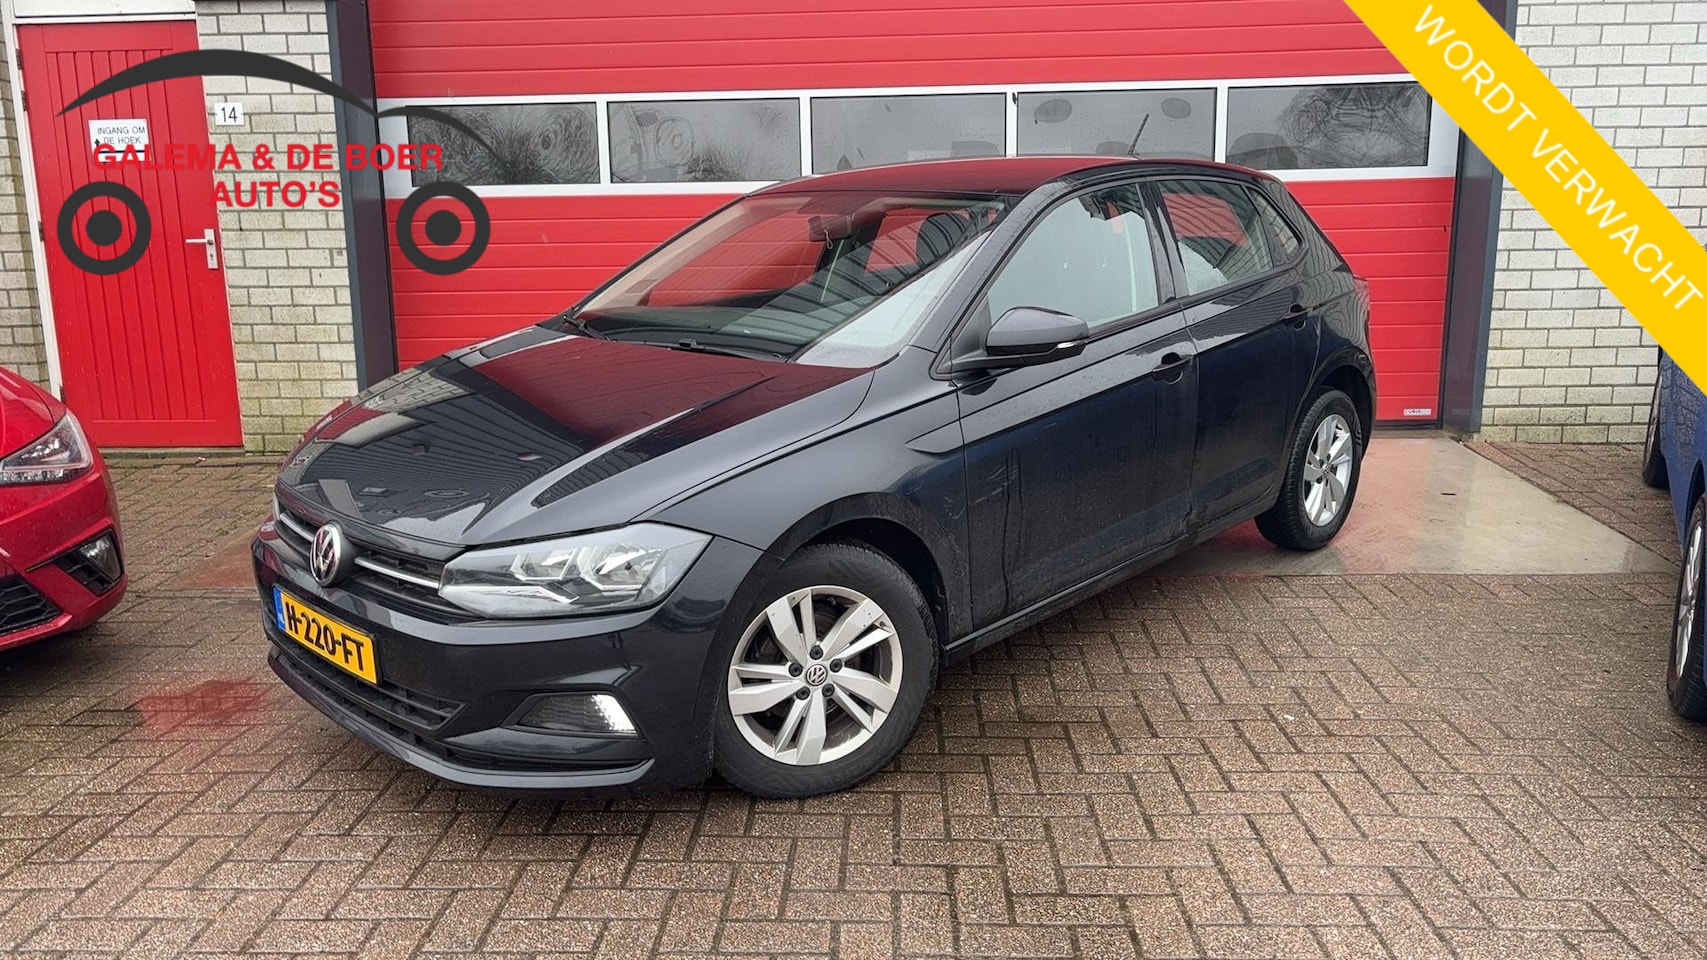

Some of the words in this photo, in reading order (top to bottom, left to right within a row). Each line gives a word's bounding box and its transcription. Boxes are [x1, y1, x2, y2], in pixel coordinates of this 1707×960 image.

[220, 106, 238, 123] 14
[97, 127, 129, 135] INGANG
[132, 126, 146, 134] OM
[118, 136, 142, 144] HOEK
[285, 601, 364, 672] H-220-FT
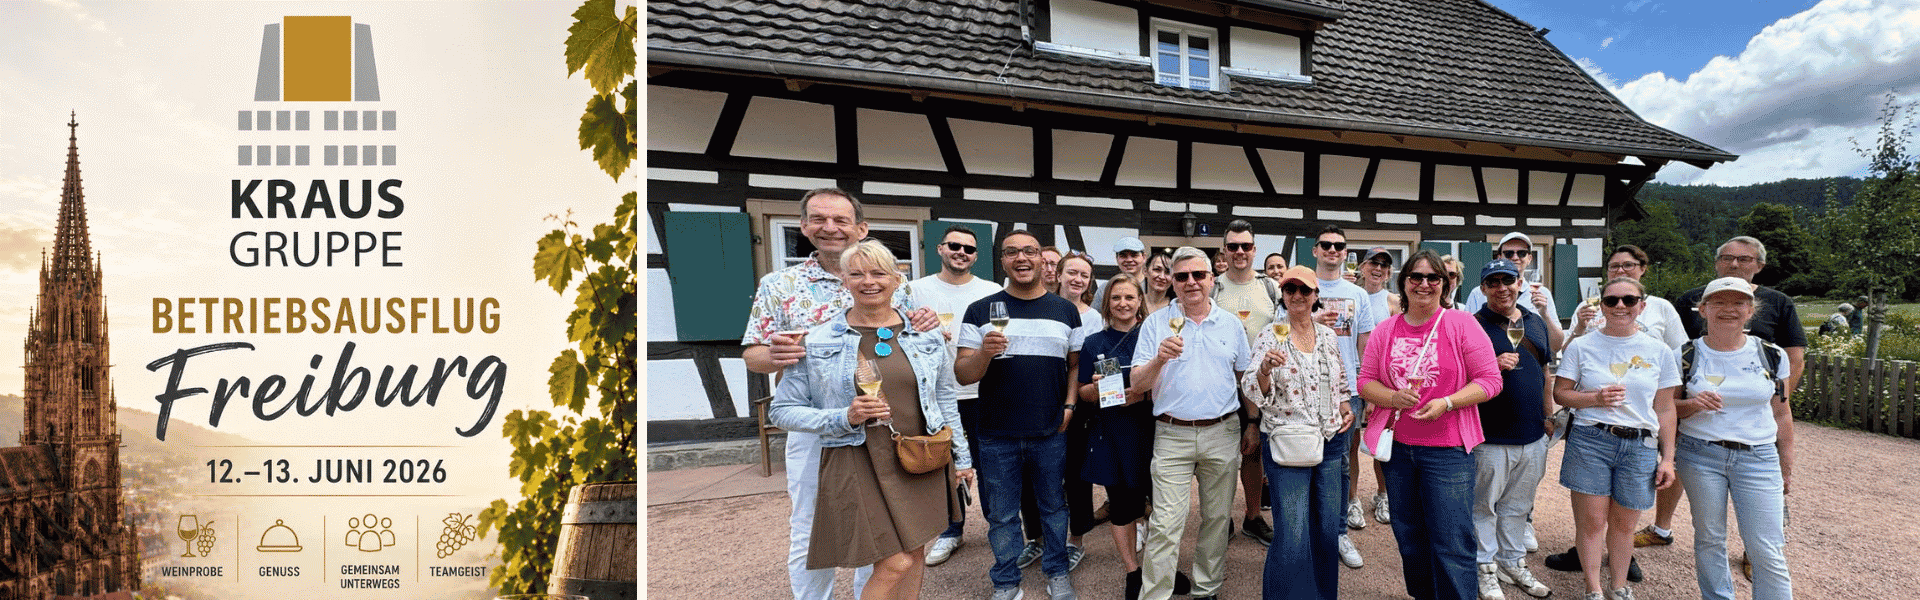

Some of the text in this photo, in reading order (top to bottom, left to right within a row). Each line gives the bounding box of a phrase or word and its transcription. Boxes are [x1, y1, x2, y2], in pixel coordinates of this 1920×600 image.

[230, 179, 405, 219] KRAUS
[229, 231, 403, 268] GRUPPE
[152, 297, 501, 335] BETRIEBSAUSFLUG
[146, 341, 508, 442] Freiburg
[308, 459, 372, 484] JUNI
[383, 459, 447, 484] 2026
[161, 565, 223, 577] WEINPROBE
[258, 565, 300, 577] GENUSS
[340, 564, 400, 576] GEMEINSAM
[429, 565, 486, 577] TEAMGEIST
[340, 578, 400, 590] UNTERWEGS
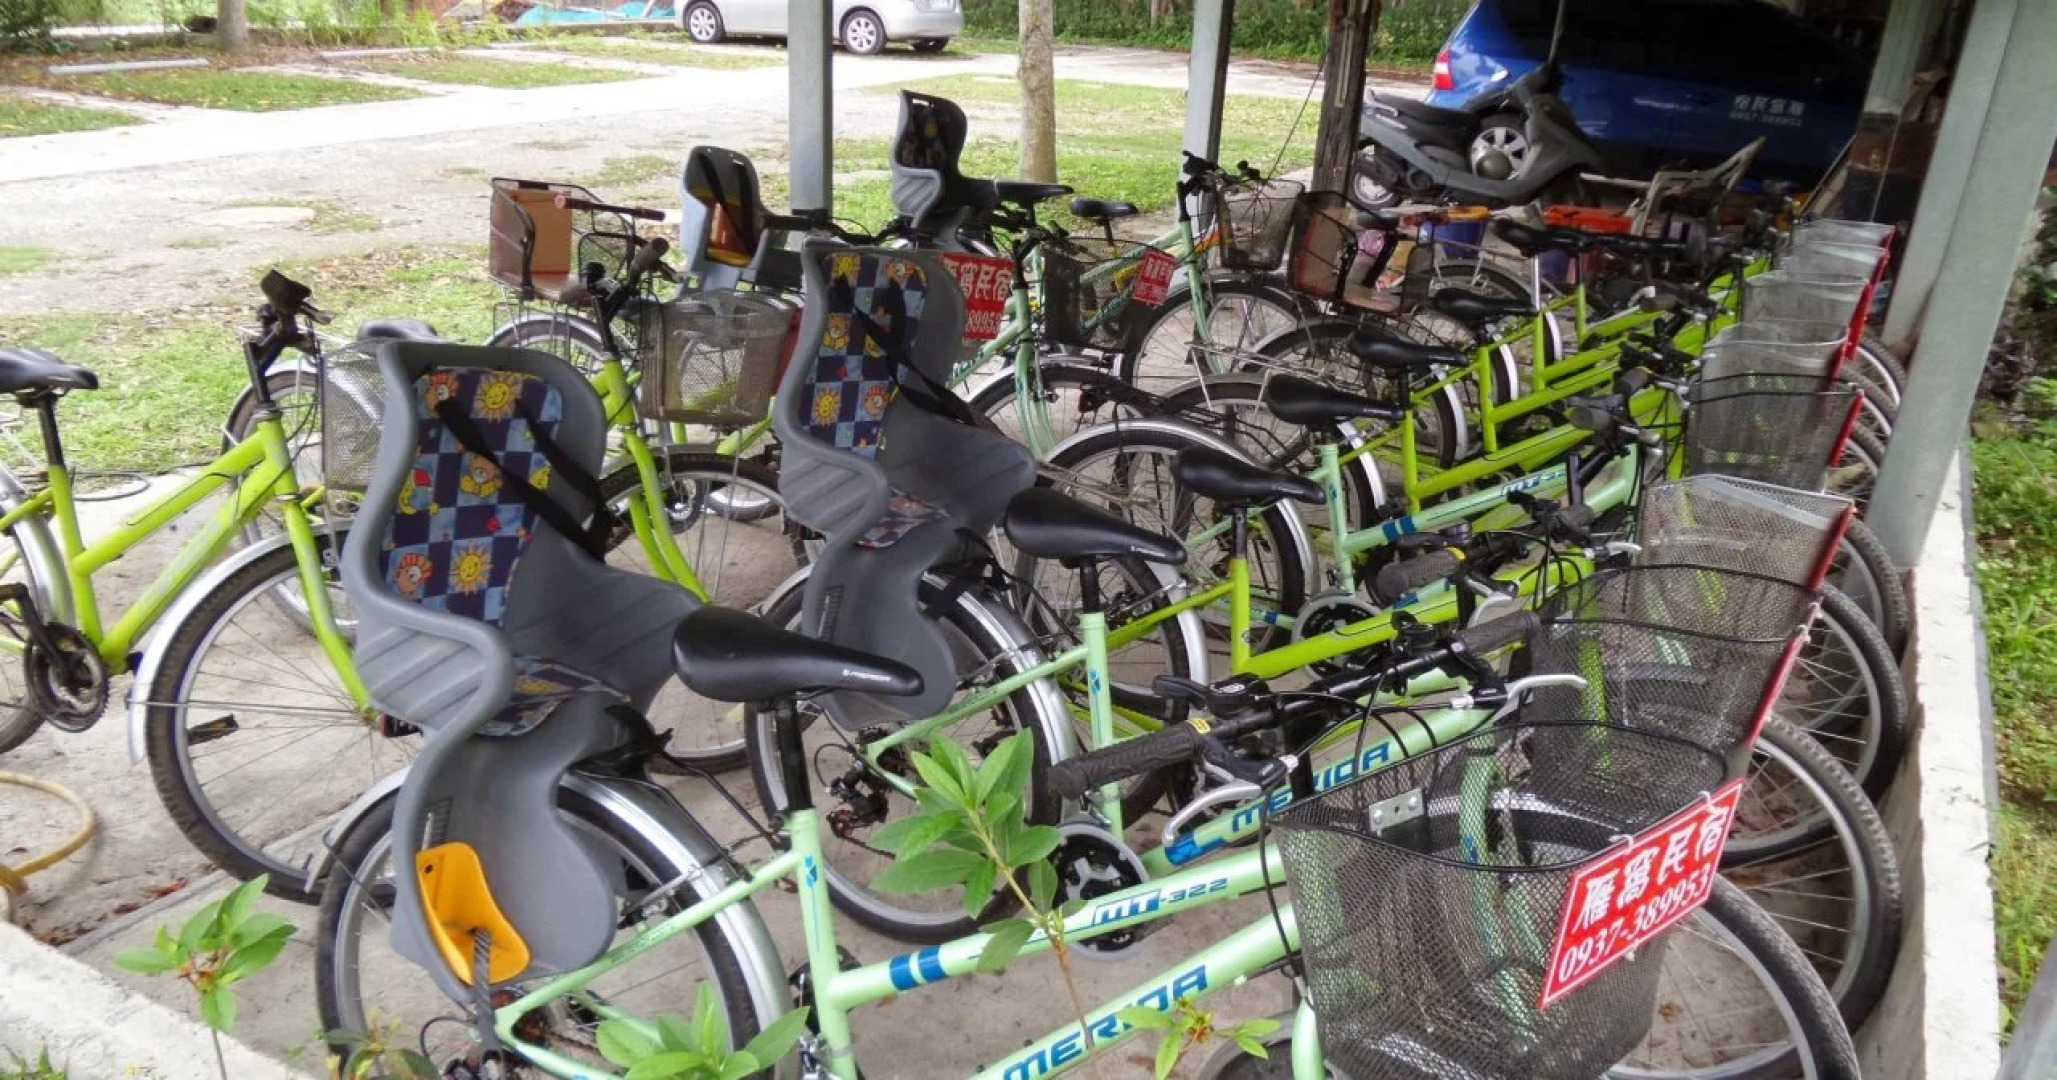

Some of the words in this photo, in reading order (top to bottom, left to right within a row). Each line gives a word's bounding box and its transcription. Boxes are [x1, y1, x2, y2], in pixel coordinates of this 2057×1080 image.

[1231, 741, 1390, 832] MEIDA
[1558, 862, 1711, 983] 0937-389953
[1571, 805, 1730, 934] 雁窩民宿
[1003, 964, 1208, 1080] MERDA
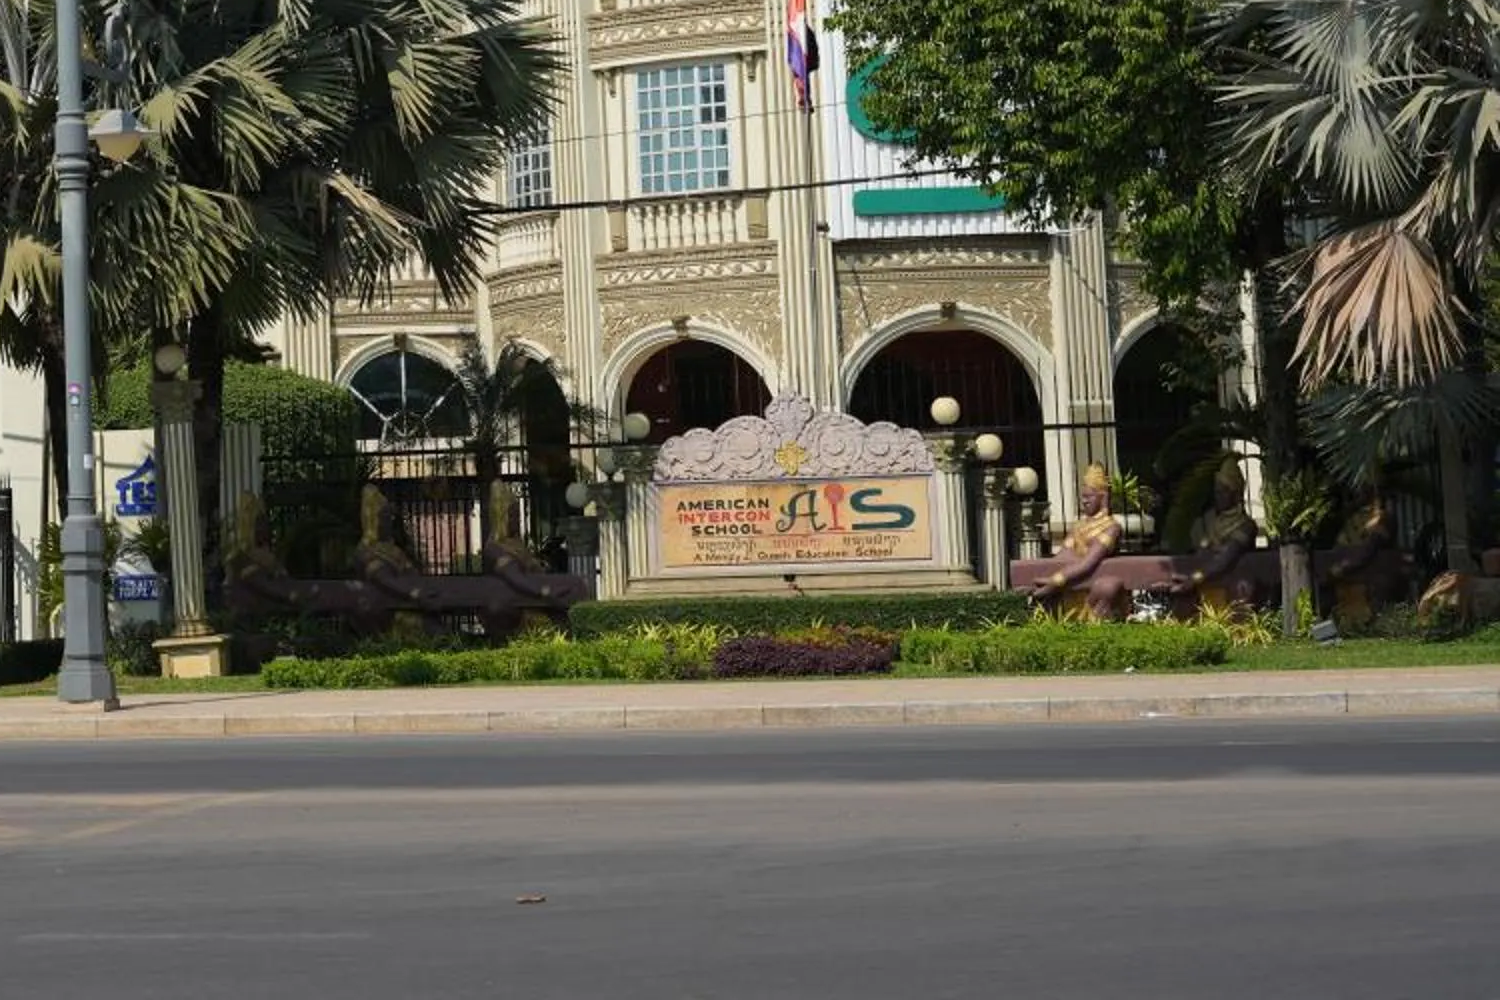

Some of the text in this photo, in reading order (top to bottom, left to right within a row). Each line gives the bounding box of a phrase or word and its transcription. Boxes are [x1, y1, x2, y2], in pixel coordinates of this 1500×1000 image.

[677, 498, 769, 512] AMERICAN
[775, 484, 916, 533] AIS
[678, 510, 771, 524] INTERCON
[691, 524, 763, 537] SCHOOL
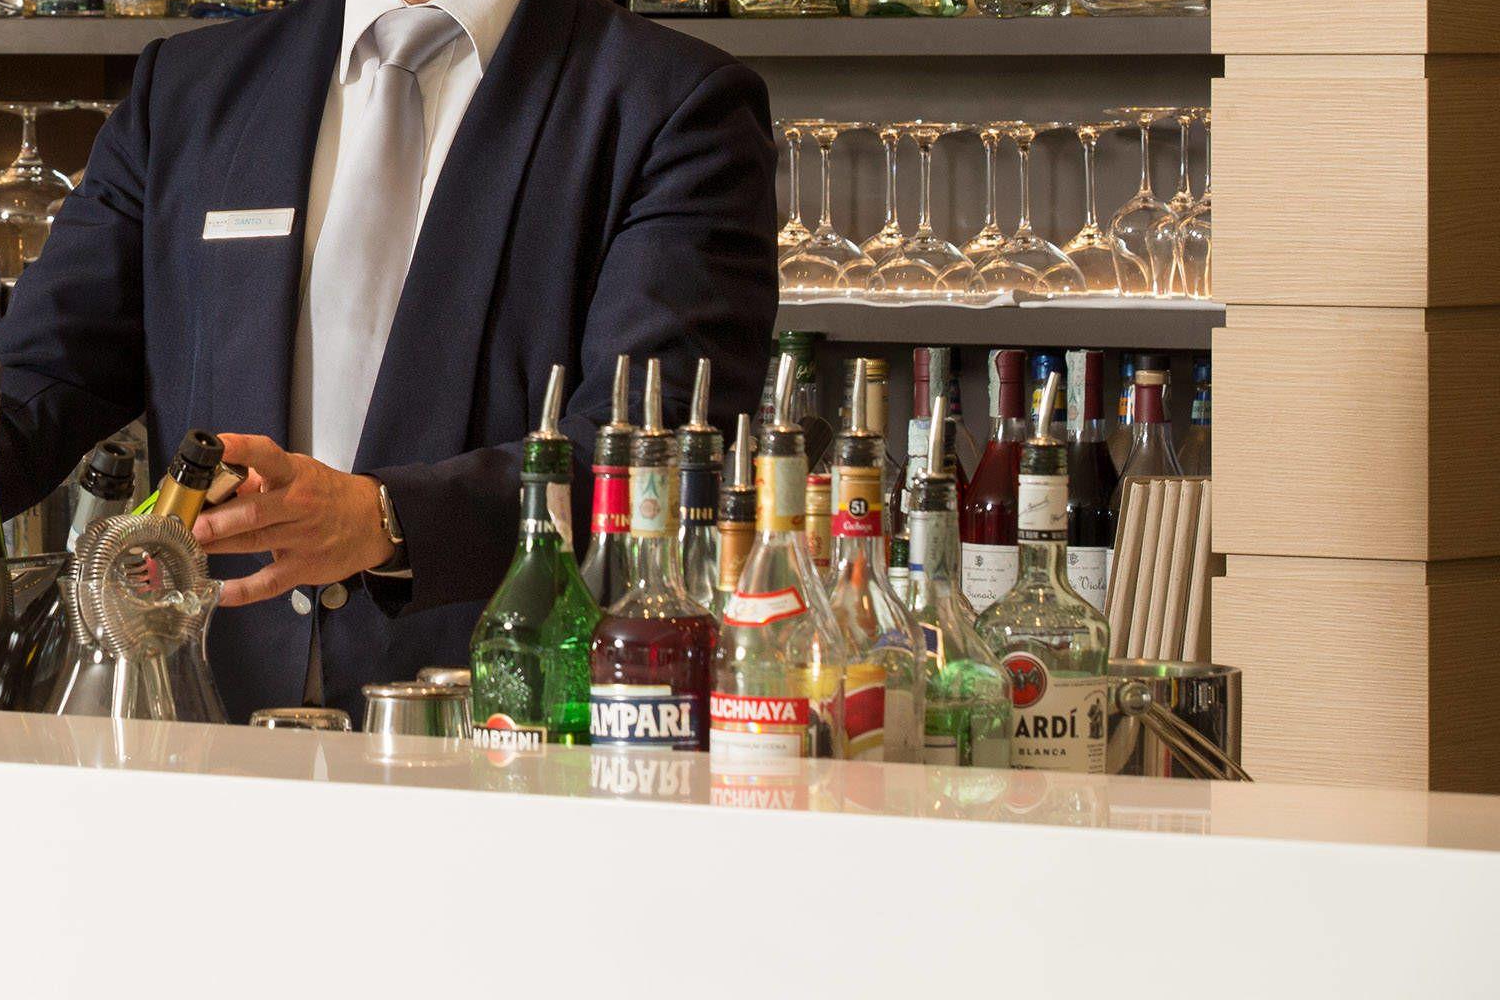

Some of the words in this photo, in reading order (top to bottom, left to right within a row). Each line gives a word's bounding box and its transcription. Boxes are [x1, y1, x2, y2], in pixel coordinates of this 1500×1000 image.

[850, 500, 868, 515] 51
[1014, 708, 1077, 739] ARDÍ
[1019, 747, 1068, 757] BLANCA

**********

Task to carry out:
The answer should match the data above word for word, with no pictures in it.

Expected output:
Some of the words in this photo, in reading order (top to bottom, left to right within a row). Each line gives a word's bounding box and its transcription. Boxes are [x1, y1, x2, y2], in pixel coordinates of this 1707×960 image.

[220, 106, 238, 123] 14
[97, 127, 129, 135] INGANG
[132, 126, 146, 134] OM
[118, 136, 142, 144] HOEK
[285, 601, 364, 672] H-220-FT

Some of the text in this photo, in reading order (top to bottom, left to right within a row). Each line gives the bounding box of a phrase or word and its transcription. Boxes are [x1, y1, x2, y2], in pixel coordinates of this 1920×600 image.

[230, 179, 405, 219] KRAUS
[229, 231, 403, 268] GRUPPE
[152, 297, 501, 335] BETRIEBSAUSFLUG
[146, 341, 508, 442] Freiburg
[308, 459, 372, 484] JUNI
[383, 459, 447, 484] 2026
[161, 565, 223, 577] WEINPROBE
[258, 565, 300, 577] GENUSS
[340, 564, 400, 576] GEMEINSAM
[429, 565, 486, 577] TEAMGEIST
[340, 578, 400, 590] UNTERWEGS

Some of the words in this photo, in reading order (top to bottom, left to right within a row). Each line gives a word's bounding box and its transcription. Boxes are [x1, y1, x2, y2], in pixel coordinates of this 2057×1080 image.

[1231, 741, 1390, 832] MEIDA
[1558, 862, 1711, 983] 0937-389953
[1571, 805, 1730, 934] 雁窩民宿
[1003, 964, 1208, 1080] MERDA

Some of the text in this photo, in reading order (top to bottom, left to right within a row). Each line gives the bounding box of a phrase or word and its transcription. Boxes are [x1, y1, x2, y2], in pixel coordinates of this 1500×1000 image.

[677, 498, 769, 512] AMERICAN
[775, 484, 916, 533] AIS
[678, 510, 771, 524] INTERCON
[691, 524, 763, 537] SCHOOL

Some of the words in this photo, in reading order (top to bottom, left to right within a row). Each line gives a word's bounding box and its transcription. Boxes are [x1, y1, x2, y2], in pixel coordinates of this 1500×1000 image.

[850, 500, 868, 515] 51
[1014, 708, 1077, 739] ARDÍ
[1019, 747, 1068, 757] BLANCA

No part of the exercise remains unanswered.